* _What is expected_:
Could you output the entries that follow exactly, omitting any pictures they contain?

* _Extracted entries_:
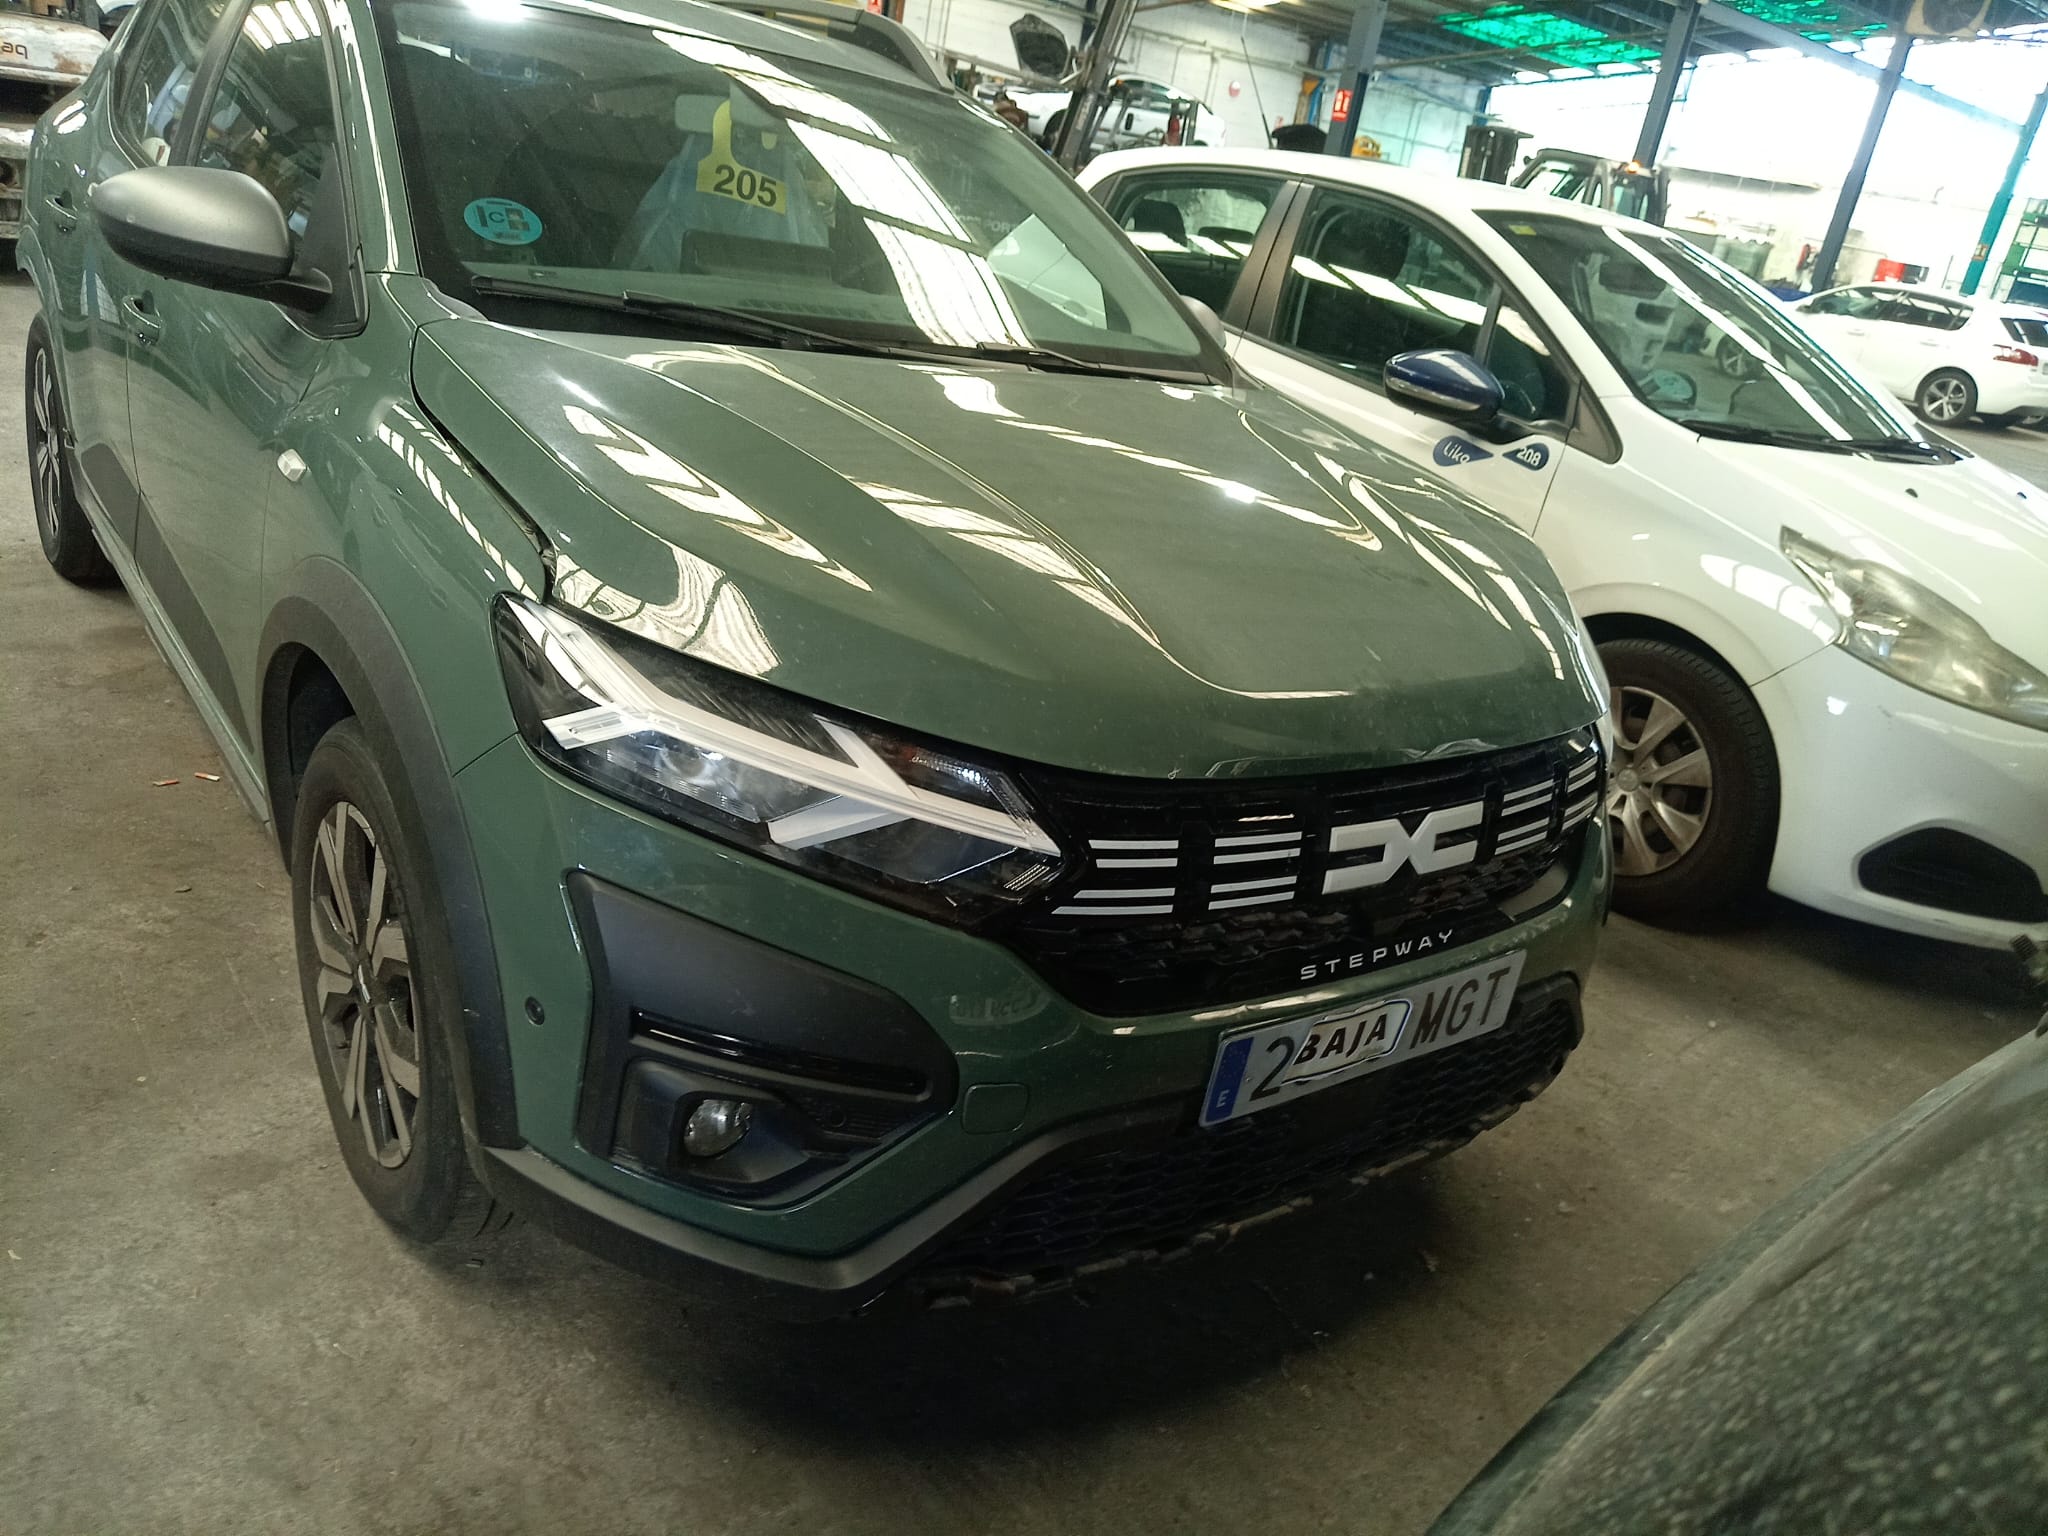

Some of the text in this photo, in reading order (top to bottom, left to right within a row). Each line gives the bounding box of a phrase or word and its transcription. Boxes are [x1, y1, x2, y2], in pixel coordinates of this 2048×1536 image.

[713, 164, 777, 207] 205
[1516, 446, 1542, 467] 208
[1300, 929, 1453, 980] STEPWAY
[1409, 966, 1511, 1049] MGT
[1293, 1013, 1388, 1066] BAJA
[1215, 1089, 1230, 1108] E

* _Written answer_:
Some of the text in this photo, in reading order (top to bottom, left to right within a row). Each line gives the bounding box of a phrase or word and its transcription. Boxes are [x1, y1, x2, y2], in pixel coordinates of this 2048×1536 image.

[713, 164, 777, 207] 205
[1516, 446, 1542, 467] 208
[1300, 929, 1453, 980] STEPWAY
[1409, 966, 1511, 1049] MGT
[1293, 1013, 1388, 1066] BAJA
[1215, 1089, 1230, 1108] E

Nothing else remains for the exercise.